***** Dataset excerpts
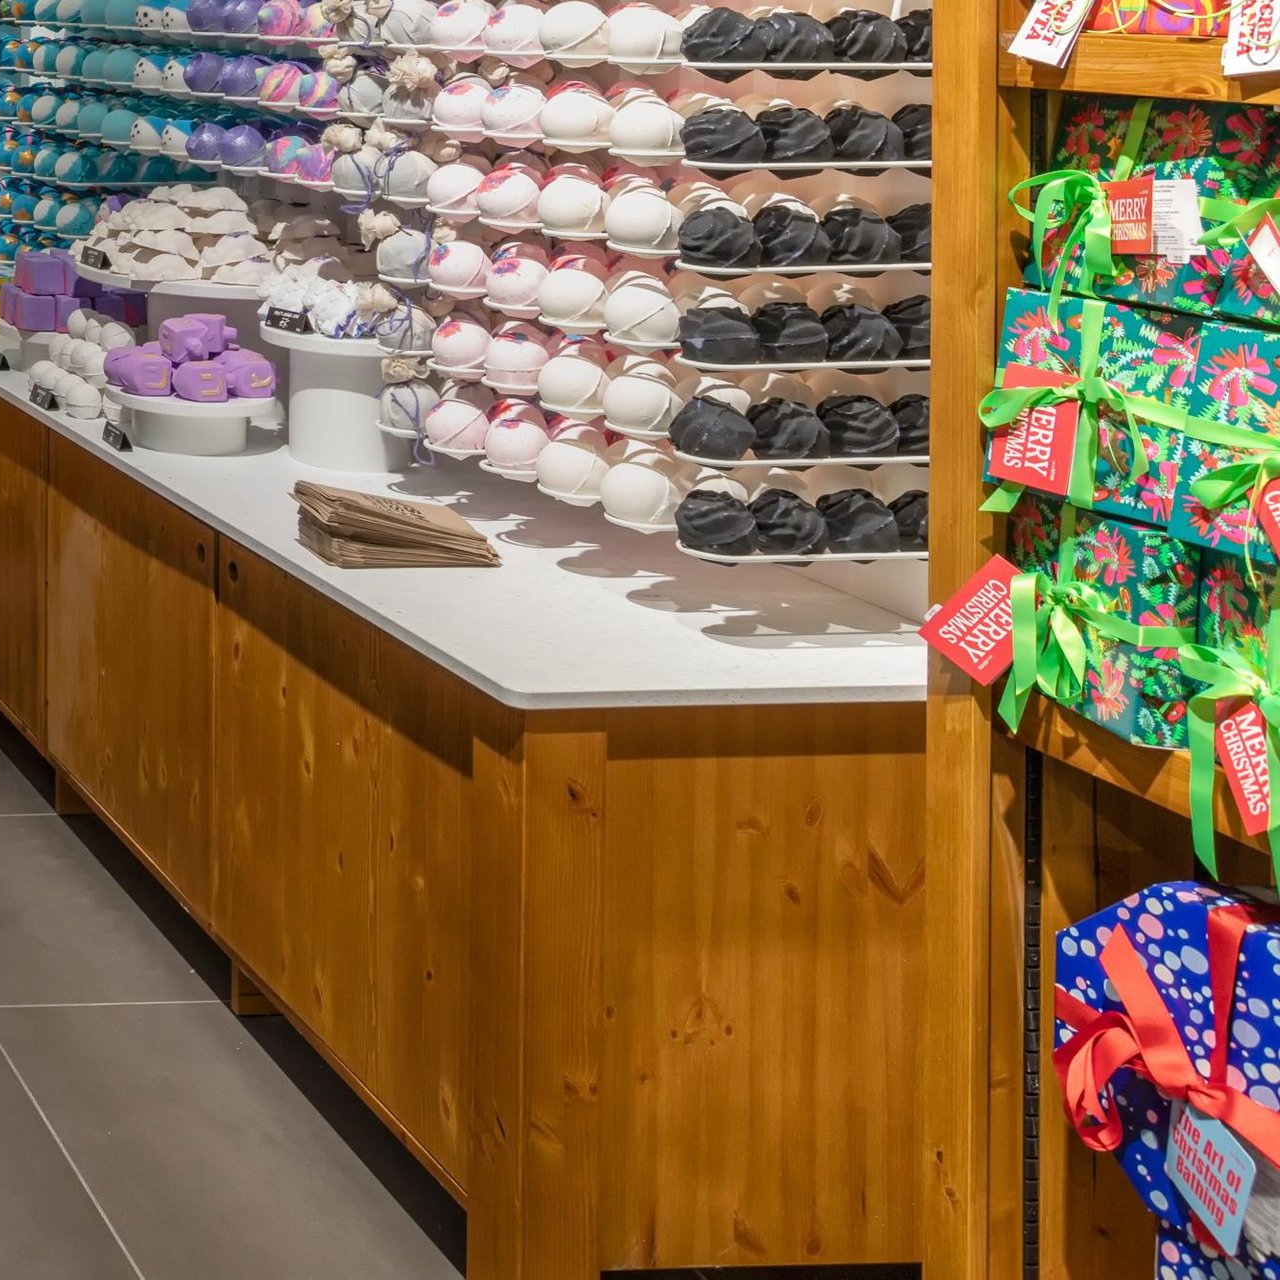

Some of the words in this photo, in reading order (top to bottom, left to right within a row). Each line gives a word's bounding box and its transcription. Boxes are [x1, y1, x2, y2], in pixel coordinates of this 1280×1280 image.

[1109, 197, 1148, 221] MERRY
[1111, 222, 1147, 241] HRISTMAS
[938, 579, 1007, 644] CHRISTMAS
[1220, 719, 1267, 816] CHRISTMAS
[1173, 1124, 1237, 1216] Christmas
[1176, 1154, 1225, 1227] Bathing
[1203, 1139, 1225, 1174] Art
[1227, 1169, 1242, 1194] of
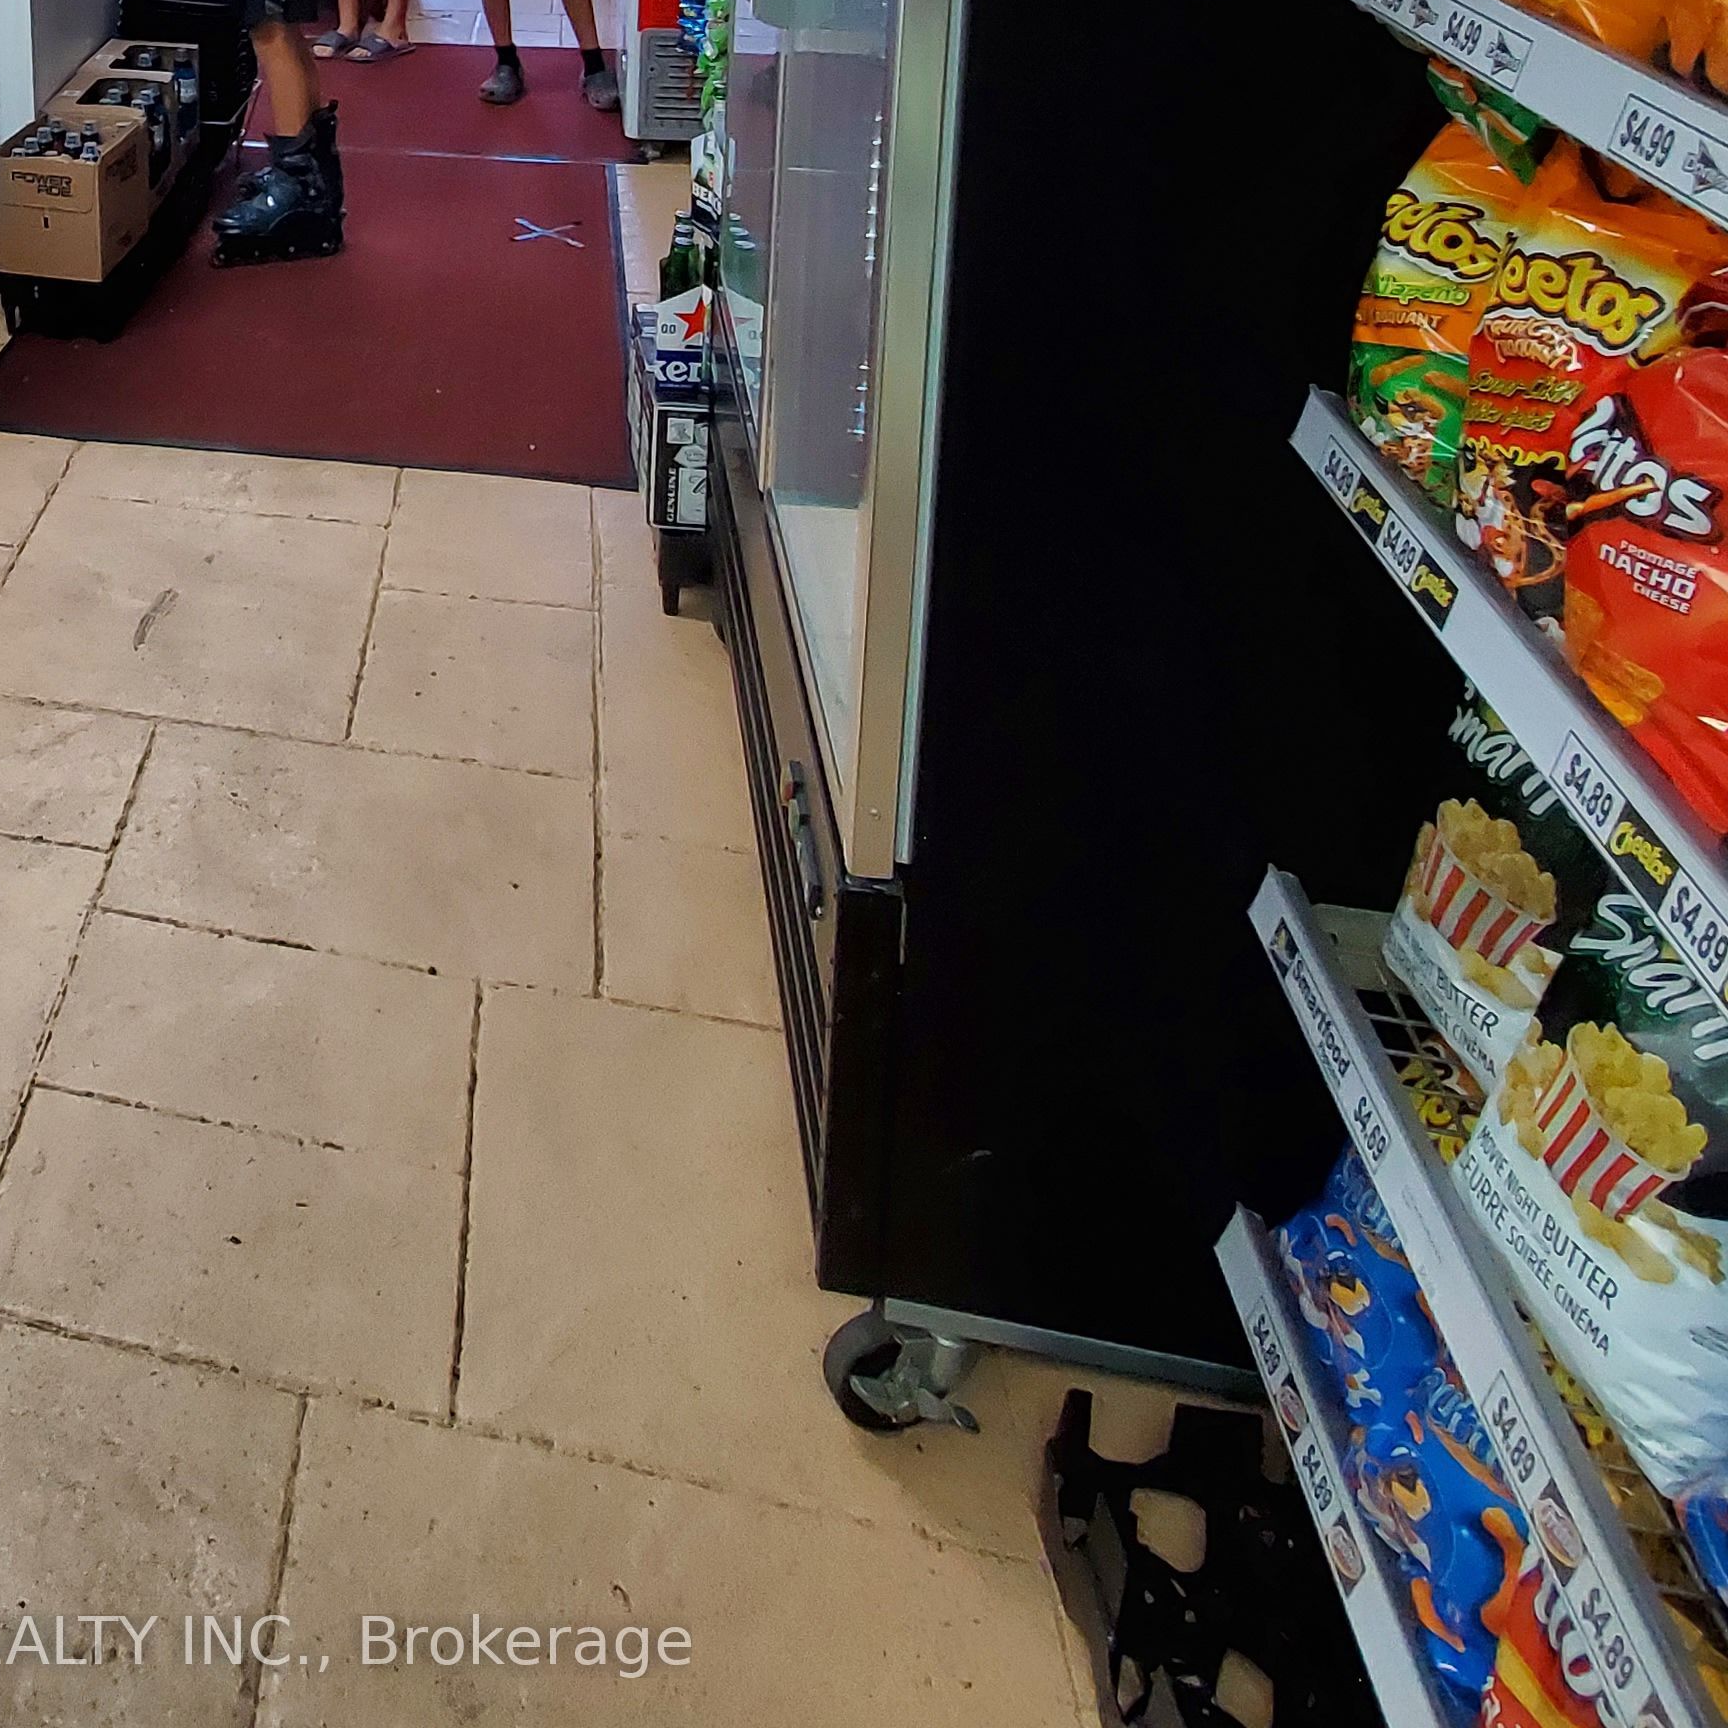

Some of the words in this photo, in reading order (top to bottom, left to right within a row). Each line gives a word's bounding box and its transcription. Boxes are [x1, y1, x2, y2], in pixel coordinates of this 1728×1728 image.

[11, 171, 73, 185] POWER
[1598, 542, 1697, 601] NACHO
[1619, 539, 1698, 579] FROMAGE
[1632, 581, 1691, 615] CHEESE
[1609, 820, 1673, 886] Cheetos
[1292, 959, 1351, 1079] Smartfood
[1435, 968, 1500, 1039] BUTTER
[1476, 1124, 1509, 1174] MOVIE
[1503, 1168, 1542, 1223] NIGHT
[1541, 1213, 1619, 1311] BUTTER
[1505, 1225, 1555, 1291] SOIRÉE
[1553, 1282, 1610, 1358] CINÉMA
[1581, 1586, 1636, 1691] $4.89
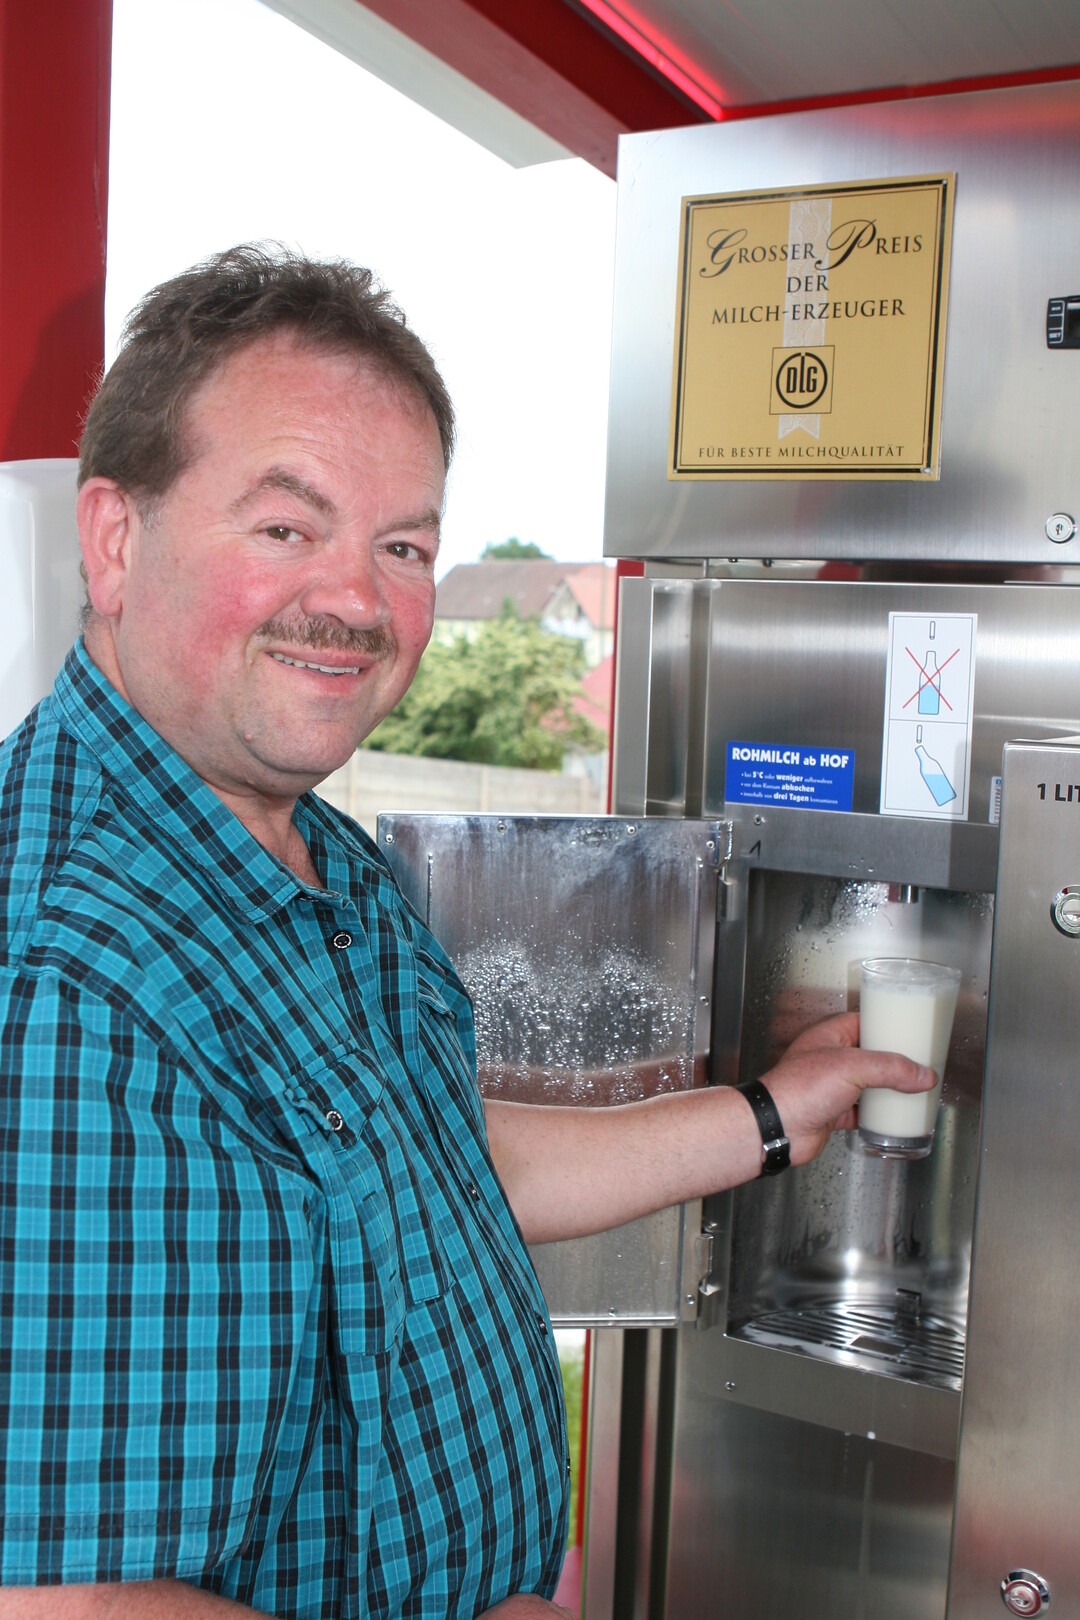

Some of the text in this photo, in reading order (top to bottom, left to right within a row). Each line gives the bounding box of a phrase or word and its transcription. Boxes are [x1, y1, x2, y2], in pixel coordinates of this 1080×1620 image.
**********
> What you need to do: The answer is the whole listing retyped exactly, with pictures omitted.

> Solution:
Some of the words in this photo, in reading order (top to bottom, left to right within a row). Each line gives a word's bounding box and its transcription. Boxes are [x1, y1, x2, y2], in pixel coordinates of this 1280×1280 image.

[1109, 197, 1148, 221] MERRY
[1111, 222, 1147, 241] HRISTMAS
[938, 579, 1007, 644] CHRISTMAS
[1220, 719, 1267, 816] CHRISTMAS
[1173, 1124, 1237, 1216] Christmas
[1176, 1154, 1225, 1227] Bathing
[1203, 1139, 1225, 1174] Art
[1227, 1169, 1242, 1194] of

Some of the words in this photo, in reading order (top to bottom, left to right within a row). Each line gives a word's bounding box and its transcription. Boxes are [x1, y1, x2, y2], in pixel coordinates of this 1728×1728 image.

[11, 171, 73, 185] POWER
[1598, 542, 1697, 601] NACHO
[1619, 539, 1698, 579] FROMAGE
[1632, 581, 1691, 615] CHEESE
[1609, 820, 1673, 886] Cheetos
[1292, 959, 1351, 1079] Smartfood
[1435, 968, 1500, 1039] BUTTER
[1476, 1124, 1509, 1174] MOVIE
[1503, 1168, 1542, 1223] NIGHT
[1541, 1213, 1619, 1311] BUTTER
[1505, 1225, 1555, 1291] SOIRÉE
[1553, 1282, 1610, 1358] CINÉMA
[1581, 1586, 1636, 1691] $4.89

Some of the text in this photo, in reading order (top to bottom, left to right within a row). Each line gives the bounding box of a phrase or word and its transcription. Boxes are [x1, y1, x2, y2], in pixel coordinates of this 1080×1620 image.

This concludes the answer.